Bug #2060
closedDocuments not indexed because of error generated during indexing of documents
0%
Description
Sometimes given below errors have been seen in the log files. These are
generated because of lack of coordination between the thread updating the
xml_nodes and the thread updating the xml_index table. The result is that
sometimes you have documents which are not indexed.
MetaCat: Error in DBSAXHandler.checkDocumentTable Couldn't find the docid for
index build in reseaonable time!
MetaCat: SQL Exception while inserting path index in DocumentImpl.buildIndex
for document test.200594171957
MetaCat: ORA-02291: integrity constraint (SGARG.XML_INDEX_DOCID_FK) violated -
parent key not found
java.sql.SQLException: ORA-02291: integrity constraint
(SGARG.XML_INDEX_DOCID_FK) violated - parent key not found
at oracle.jdbc.driver.DatabaseError.throwSqlException
(DatabaseError.java:125)
at oracle.jdbc.driver.T4CTTIoer.processError(T4CTTIoer.java:305)
at oracle.jdbc.driver.T4CTTIoer.processError(T4CTTIoer.java:272)
at oracle.jdbc.driver.T4C8Oall.receive(T4C8Oall.java:623)
at oracle.jdbc.driver.T4CPreparedStatement.doOall8
(T4CPreparedStatement.java:181)
at oracle.jdbc.driver.T4CPreparedStatement.execute_for_rows
(T4CPreparedStatement.java:543)
at oracle.jdbc.driver.OracleStatement.doExecuteWithTimeout
(OracleStatement.java:1028)
at oracle.jdbc.driver.OraclePreparedStatement.executeInternal
(OraclePreparedStatement.java:2888)
at oracle.jdbc.driver.OraclePreparedStatement.executeUpdate
(OraclePreparedStatement.java:2960)
at edu.ucsb.nceas.metacat.DocumentImpl.updateNodeIndex
(DocumentImpl.java:1345)
at edu.ucsb.nceas.metacat.DocumentImpl.buildIndex
(DocumentImpl.java:1214)
at edu.ucsb.nceas.metacat.DBSAXHandler.run(DBSAXHandler.java:444)

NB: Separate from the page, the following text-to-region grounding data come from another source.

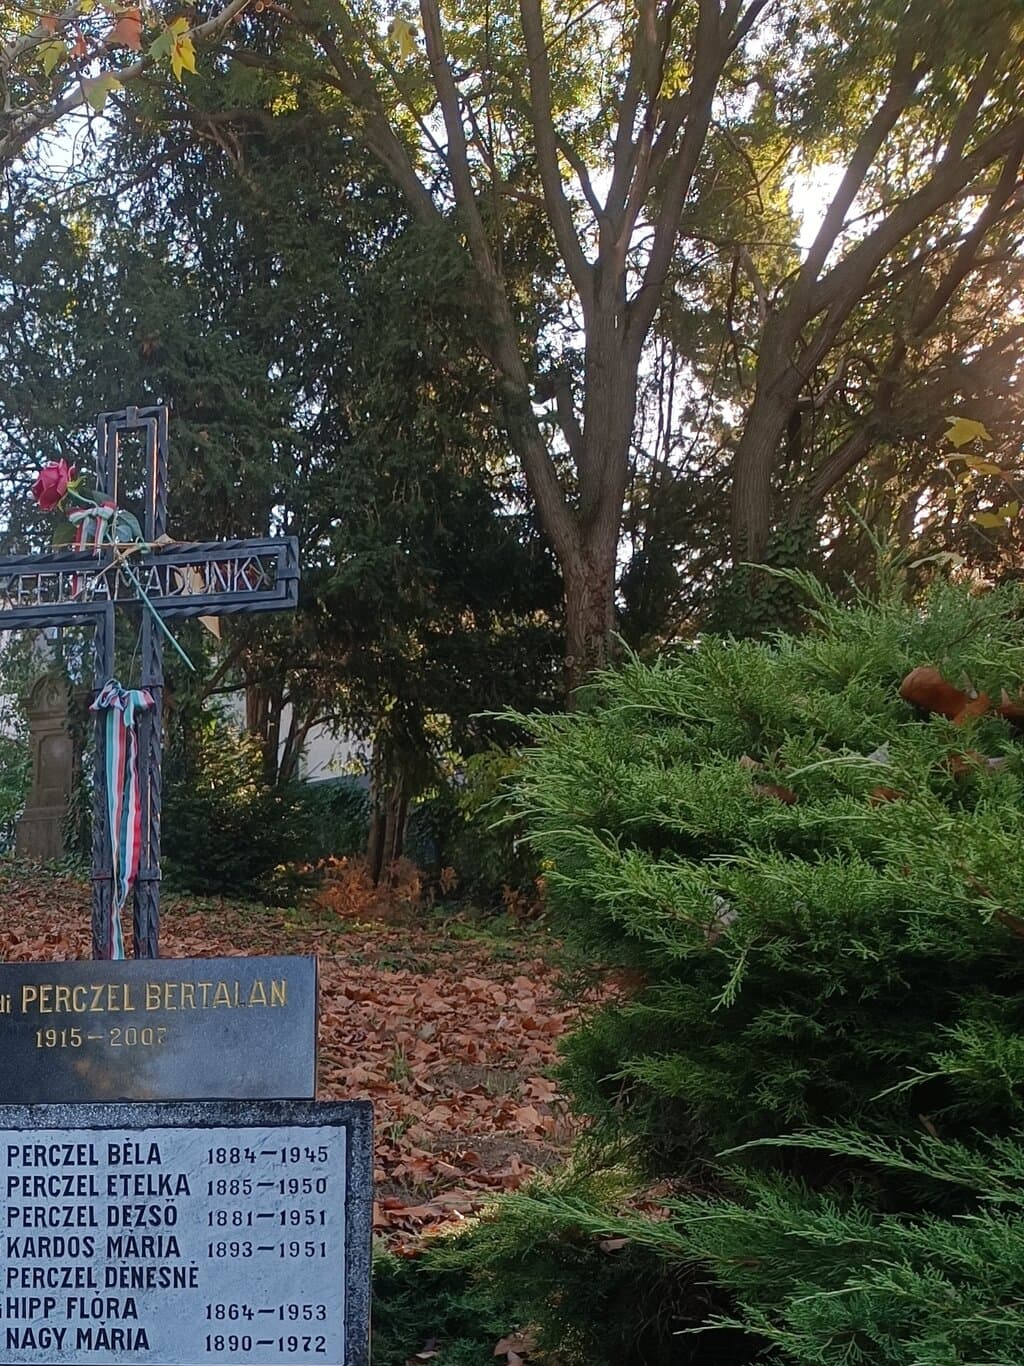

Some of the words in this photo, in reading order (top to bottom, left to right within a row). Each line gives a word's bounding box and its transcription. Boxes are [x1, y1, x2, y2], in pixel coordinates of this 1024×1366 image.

[21, 983, 135, 1013] PERCZEL
[146, 979, 287, 1011] BERTALAN
[7, 1144, 99, 1167] PERCZEL
[108, 1137, 162, 1165] BÉLA
[7, 1175, 99, 1198] PERCZEL
[107, 1173, 191, 1197] ETELKA
[7, 1205, 99, 1228] PERCZEL
[6, 1236, 95, 1259] KARDOS
[106, 1229, 181, 1258] MÁRIA
[6, 1266, 97, 1289] PERCZEL
[105, 1260, 199, 1289] DÉNESNÉ
[6, 1297, 56, 1319] HIPP
[66, 1290, 138, 1320] FLÓRA
[6, 1327, 67, 1350] NAGY
[76, 1321, 150, 1350] MÁRIA
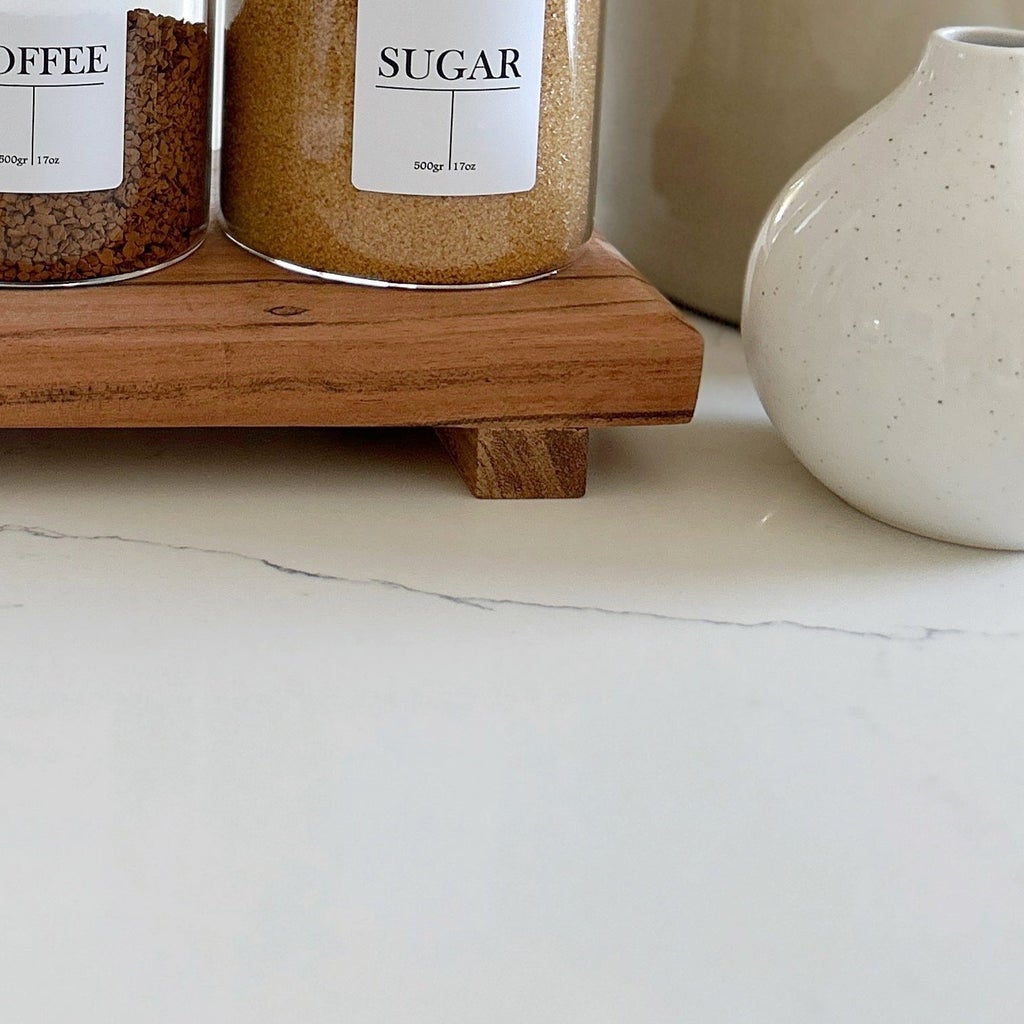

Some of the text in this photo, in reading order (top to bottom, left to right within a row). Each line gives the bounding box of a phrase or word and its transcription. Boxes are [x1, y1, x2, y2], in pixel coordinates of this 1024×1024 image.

[377, 45, 523, 81] SUGAR
[36, 155, 61, 165] 17oz
[413, 160, 477, 174] 500gr 17oz
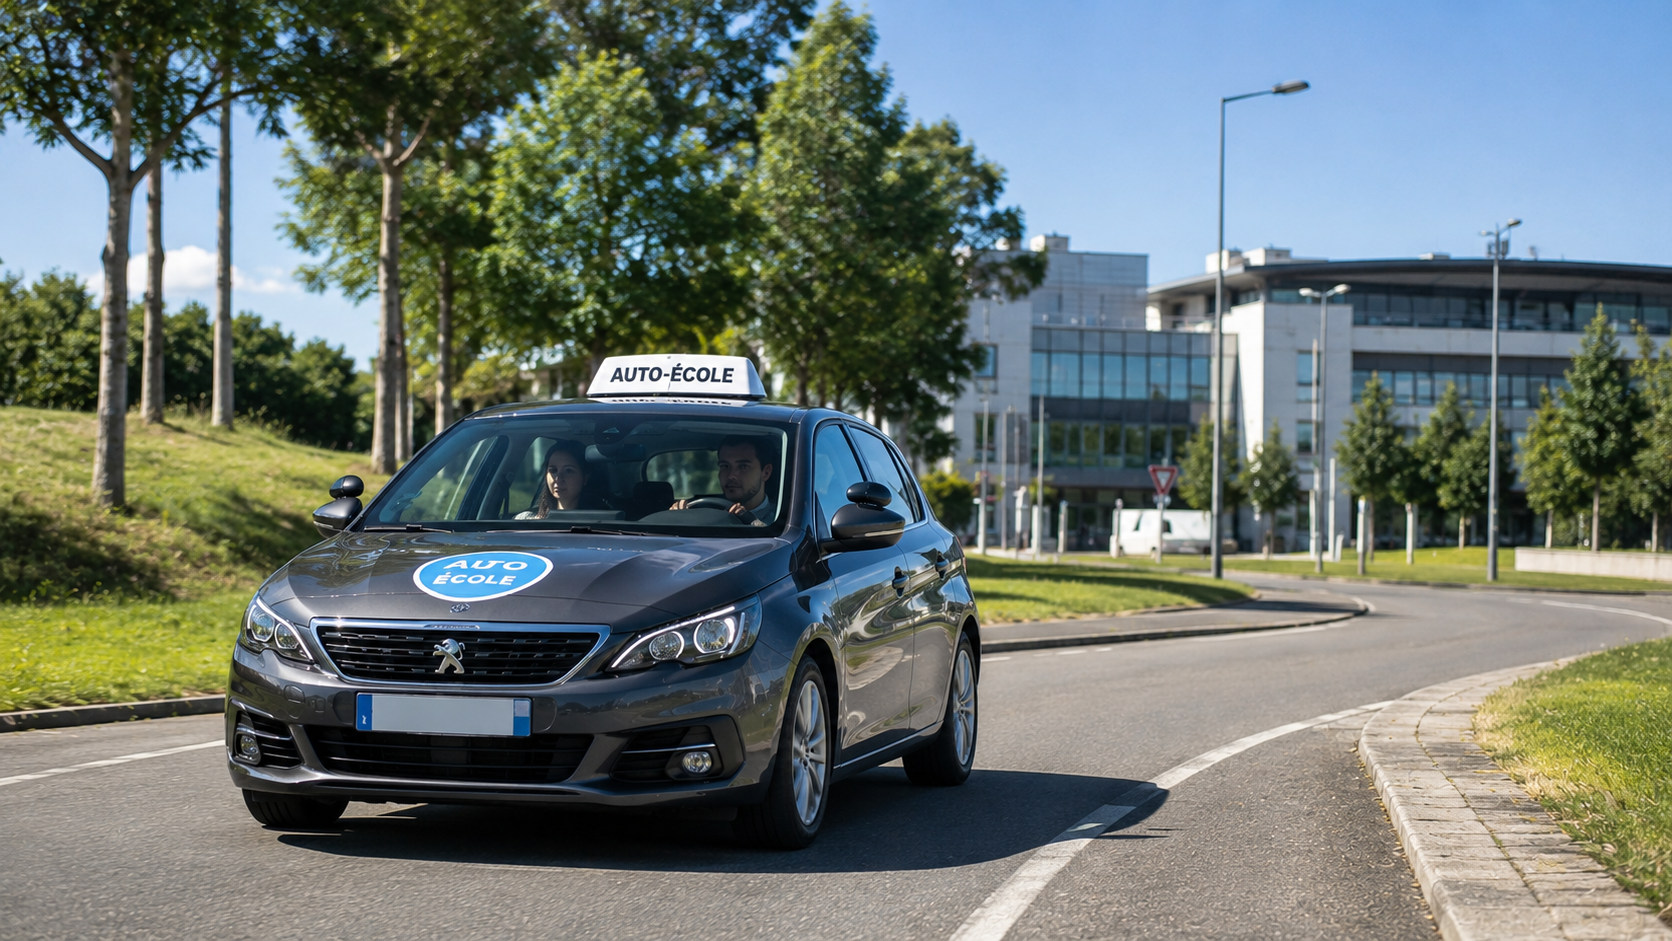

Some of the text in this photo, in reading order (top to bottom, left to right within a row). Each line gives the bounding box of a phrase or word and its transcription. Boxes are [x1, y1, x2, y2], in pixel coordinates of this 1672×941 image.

[610, 363, 734, 383] AUTO-ÉCOLE
[443, 559, 528, 571] AUTO
[432, 572, 517, 586] ÉCOLE
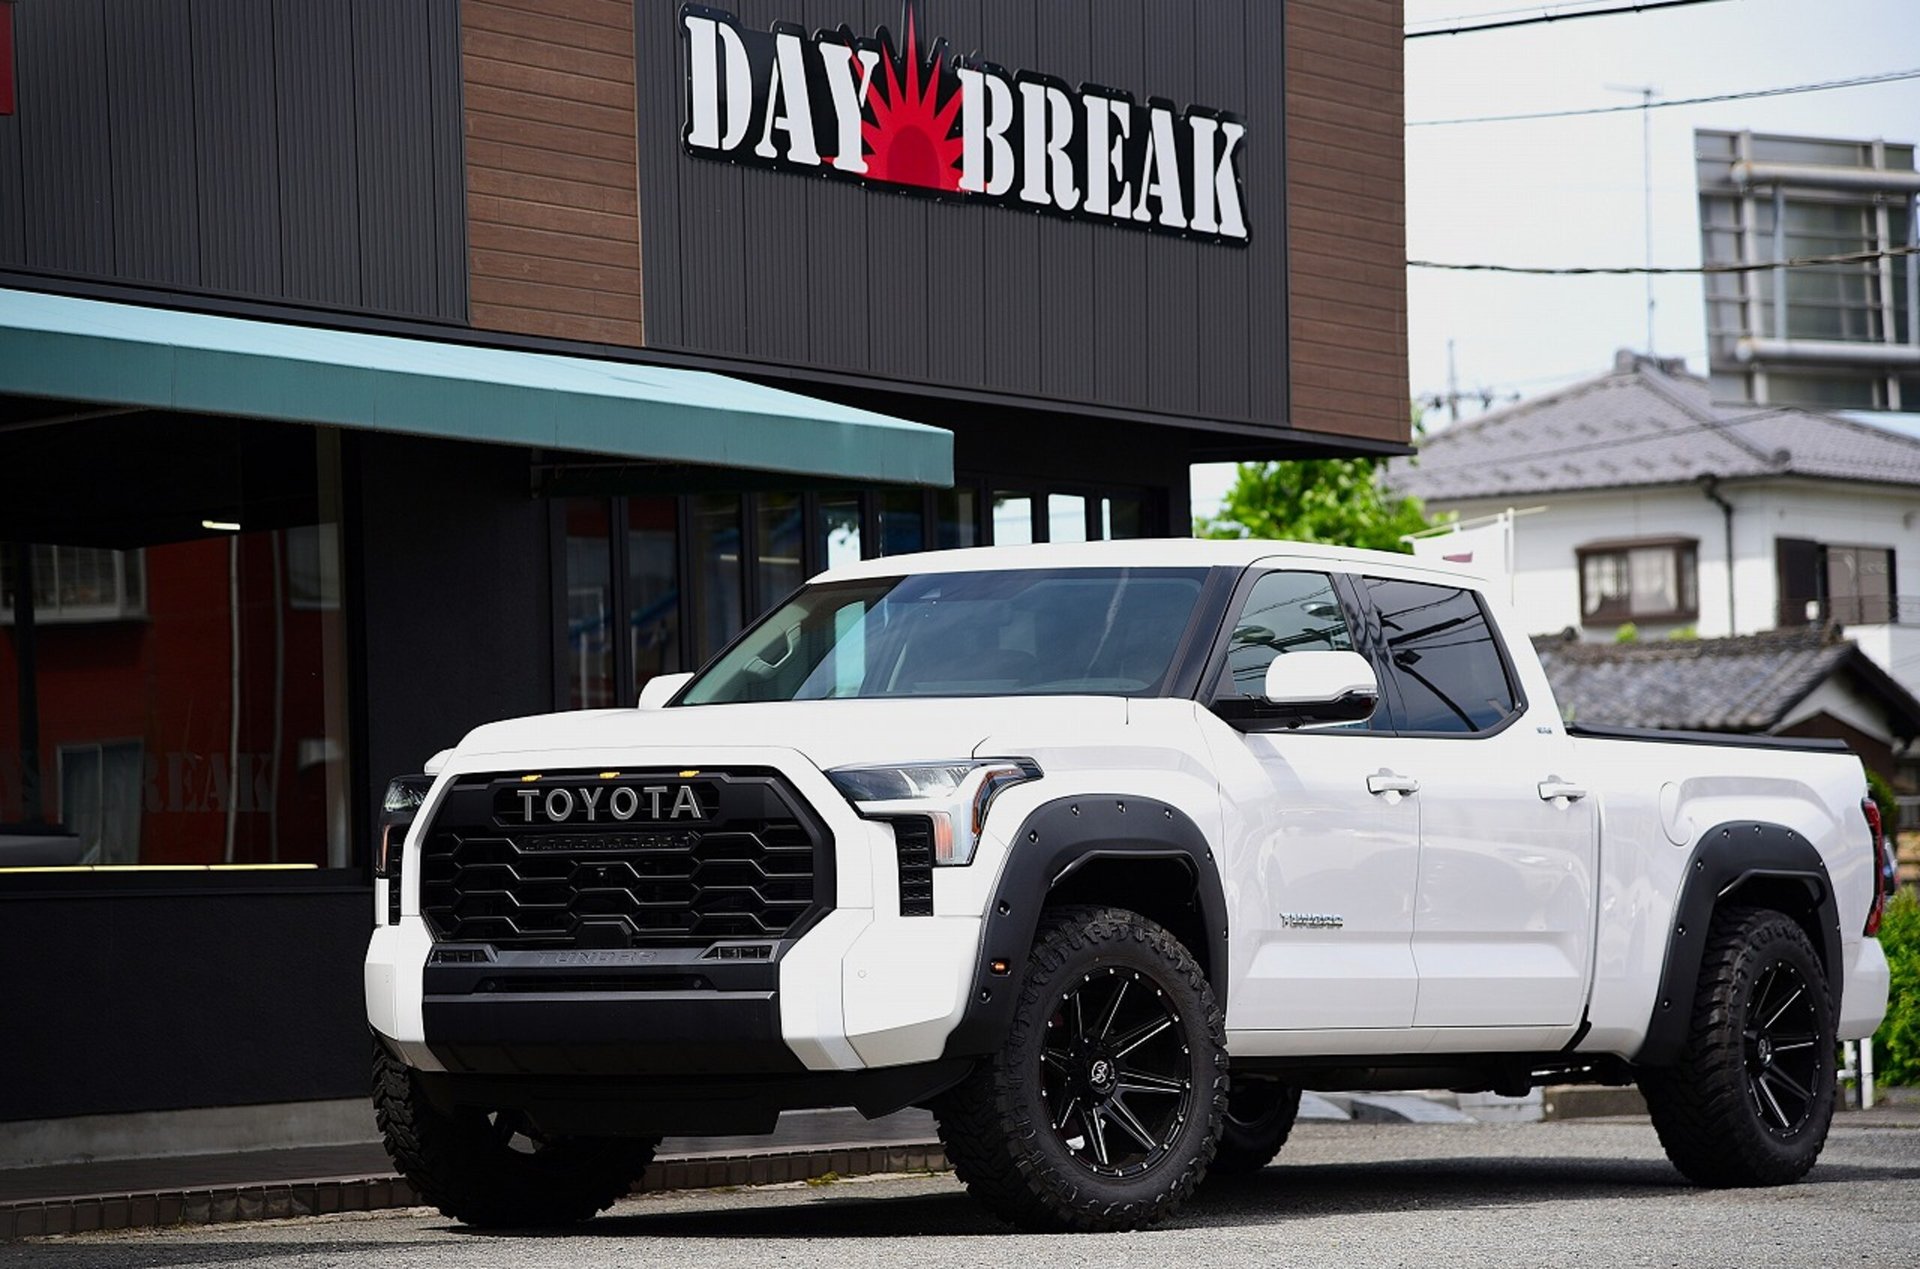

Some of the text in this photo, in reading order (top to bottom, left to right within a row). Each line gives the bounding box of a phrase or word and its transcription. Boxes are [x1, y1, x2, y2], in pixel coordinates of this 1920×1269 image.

at java.lang.Thread.run(Thread.java:534)
MetaCat: SQL Exception while inserting path index in DocumentImpl.buildIndex
for document test.20059417224
MetaCat: ORA-00001: unique constraint (SGARG.XML_INDEX_PK) violated
java.sql.SQLException: ORA-00001: unique constraint (SGARG.XML_INDEX_PK)
violated
at oracle.jdbc.driver.DatabaseError.throwSqlException
(DatabaseError.java:125)
at oracle.jdbc.driver.T4CTTIoer.processError(T4CTTIoer.java:305)
at oracle.jdbc.driver.T4CTTIoer.processError(T4CTTIoer.java:272)
at oracle.jdbc.driver.T4C8Oall.receive(T4C8Oall.java:623)
at oracle.jdbc.driver.T4CPreparedStatement.doOall8
(T4CPreparedStatement.java:181)
at oracle.jdbc.driver.T4CPreparedStatement.execute_for_rows
(T4CPreparedStatement.java:543)
at oracle.jdbc.driver.OracleStatement.doExecuteWithTimeout
(OracleStatement.java:1028)
at oracle.jdbc.driver.OraclePreparedStatement.executeInternal
(OraclePreparedStatement.java:2888)
at oracle.jdbc.driver.OraclePreparedStatement.executeUpdate
(OraclePreparedStatement.java:2960)
at edu.ucsb.nceas.metacat.DocumentImpl.updateNodeIndex
(DocumentImpl.java:1345)
at edu.ucsb.nceas.metacat.DocumentImpl.buildIndex
(DocumentImpl.java:1214)
at edu.ucsb.nceas.metacat.DBSAXHandler.run(DBSAXHandler.java:444)
at java.lang.Thread.run(Thread.java:534)
Updated by Saurabh Garg over 19 years ago
Changin severity of teh bug to Critical because with the new changes if the
indexing thread fails, the paths will not be indexed in xml_path_index. This
means the document wont show up in the search for specified paths.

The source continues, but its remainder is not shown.